In 2003, a group of the world’s major traditional donors agreed a set of 23 principles that constitute the Good Humanitarian Donorship (GHD) Initiative. Ready to be launched next month for the fourth consecutive year, the goal of the Humanitarian Response Index (HRI) is to assist donor governments in meeting the objectives to which they themselves signed up to as part of their GHD commitment.
The objective of the HRI is not the donor ranking but to provide feedback to those responsible for humanitarian policymaking on how their efforts are seen from the ground with the view of helping to improve aid efficiency for the benefit of those who need to receive it.
My first awareness of and interaction with the HRI and DARA colleagues was in the Democratic Republic of the Congo (DRC), where I served, among other roles, as the UN Humanitarian Coordinator. During the inevitable series of evaluations of the programmes for which I was responsible, I was struck by the novelty of an approach that looked not only at the amount of money made available by donors but also at the way in which these funds were allocated and how other support was provided. This highlighted in my mind the important role that can be played by donors in meeting urgent humanitarian needs beyond the cash component – vitally important though it is and will remain.

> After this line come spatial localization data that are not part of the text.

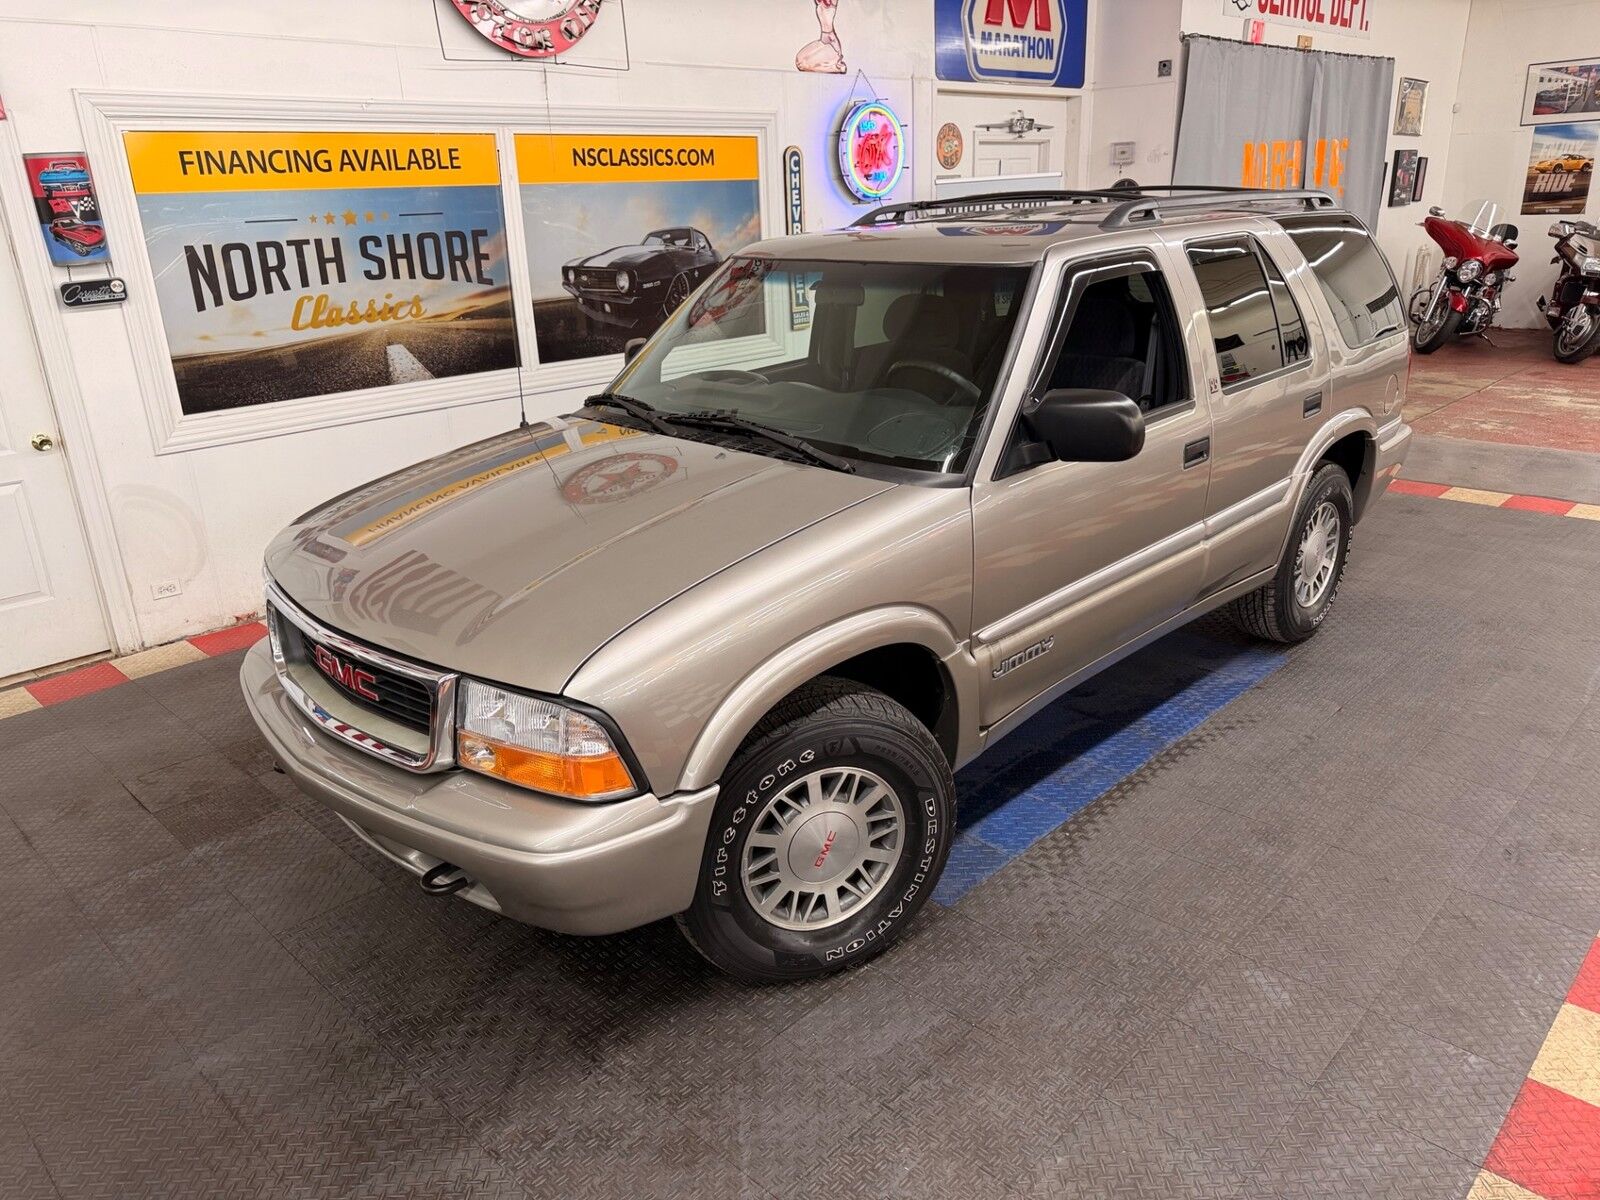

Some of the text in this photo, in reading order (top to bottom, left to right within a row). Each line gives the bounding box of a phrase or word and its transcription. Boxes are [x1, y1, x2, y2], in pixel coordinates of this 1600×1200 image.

[980, 31, 1054, 60] MARATHON
[178, 147, 462, 175] FINANCING AVAILABLE
[572, 147, 714, 167] NSCLASSICS.COM
[1533, 173, 1576, 193] RIDE
[184, 229, 494, 313] NORTH SHORE
[291, 294, 427, 331] Classics
[315, 644, 380, 702] GMC
[814, 830, 838, 870] GMC
[825, 797, 939, 962] DESTINATION

In the DRC, the humanitarian operation came to serve as something of a guinea pig for the UN humanitarian reform process launched in 2005. This involved implementation of the cluster system (both in the capital and at regional level), establishing a pooled fund to encourage more pragmatic and prompt response to needs, working with UN military forces to protect civilians and designing comprehensive and transitional strategies that addressed the population’s need for security as well as social services and governance.
While for many these new mechanisms were objectives in themselves, we sought to apply these approaches in a way that put the beneficiary in the centre. Thus, the objective was to find the speediest targeted delivery approaches that could maximise the use of the resources that were always limited in relation to the challenges, notwithstanding the generosity of donors.

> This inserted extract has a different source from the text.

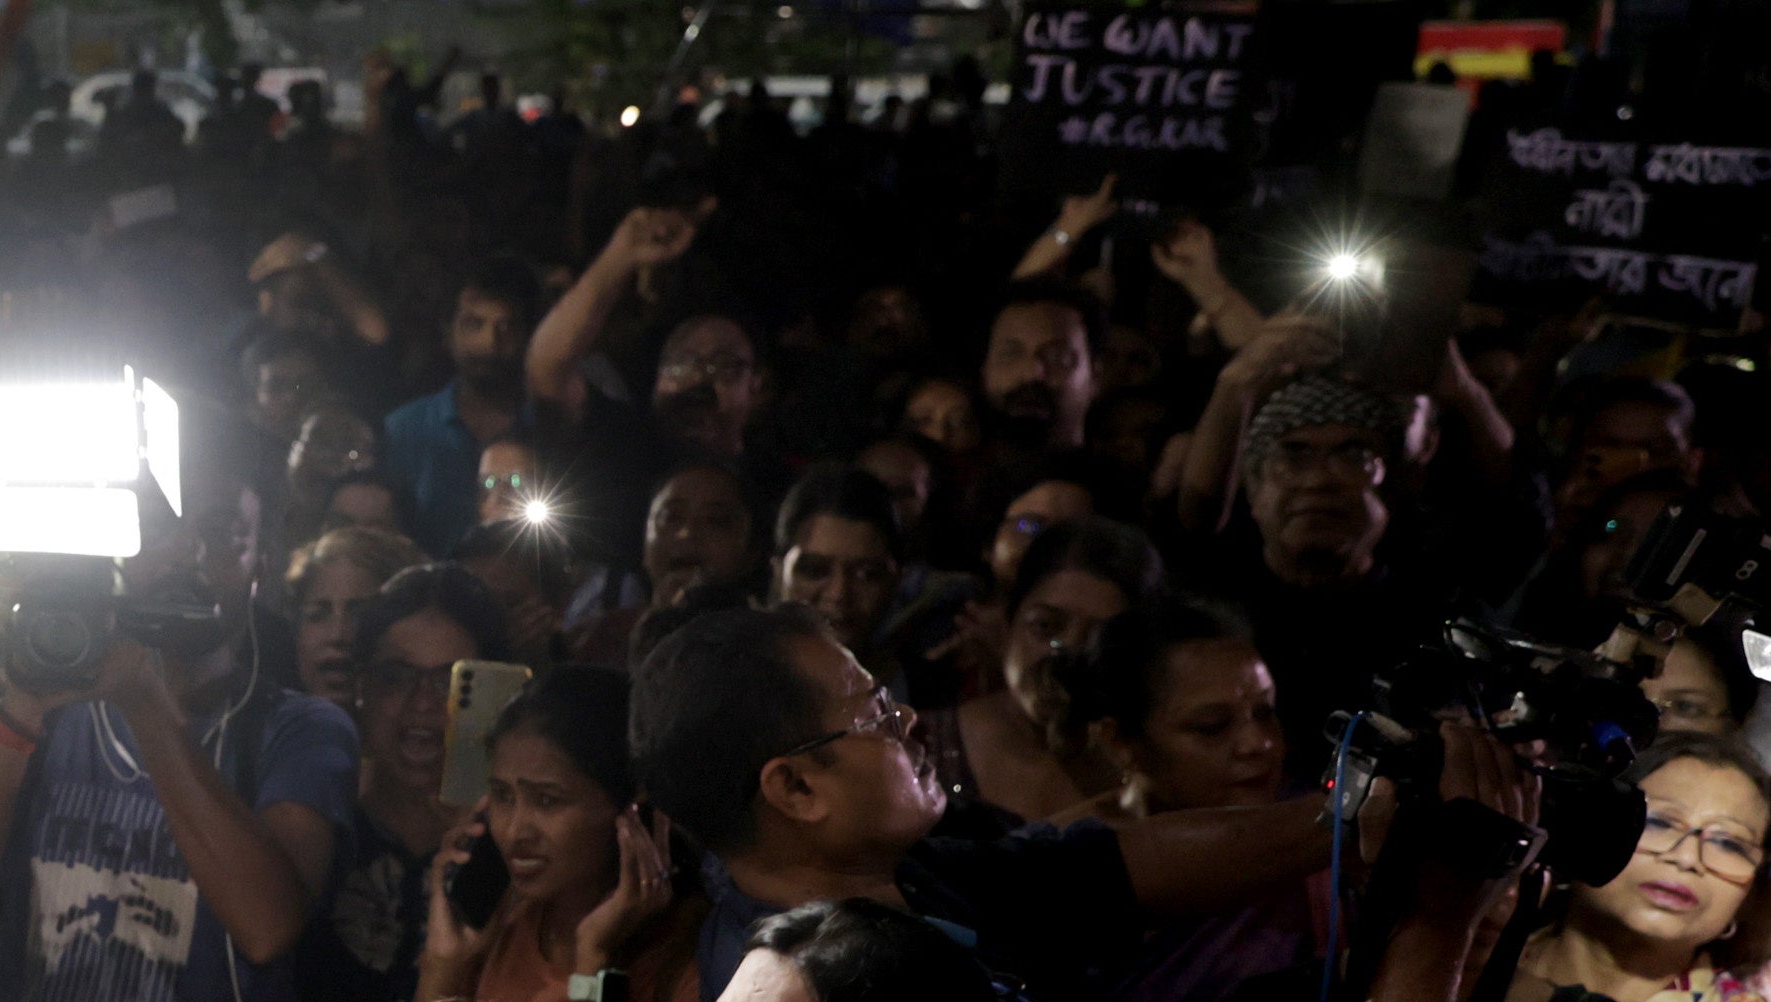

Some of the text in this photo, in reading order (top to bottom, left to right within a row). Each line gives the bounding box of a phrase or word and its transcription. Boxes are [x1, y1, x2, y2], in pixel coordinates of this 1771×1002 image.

[1024, 10, 1253, 60] WE WANT
[1024, 54, 1245, 108] JUSTICE

In its systematic sounding of key partners in crises countries, the HRI is unique. Some will find the rankings resulting from this independent analysis surprising or even unfair. Yet they should be viewed as a reflection from the field of how governments in their roles as humanitarian donors are regarded by their partners.
I hope that the HRI 2010 will lead those in the headquarters of donors, NGOs and UN agencies – and governments in crisis-affected states – to reflect on the measures they may have put in place. I urge them to particularly study our findings on the risks that political instrumentalisation can have by inhibiting the most effective delivery of humanitarian assistance to those in need. The importance of humanitarian assistance being available to victims irrespective of the leadership or political regime that governs them is a cardinal principle.
In a year that has seen two huge natural disasters – in Haiti and in Pakistan –we need to find ways to provide more effective, targeted and quicker assistance to victims of crises, primarily for their sake but also to be able to assure those contributing funds through government and non-government programmes that we are doing the best we can.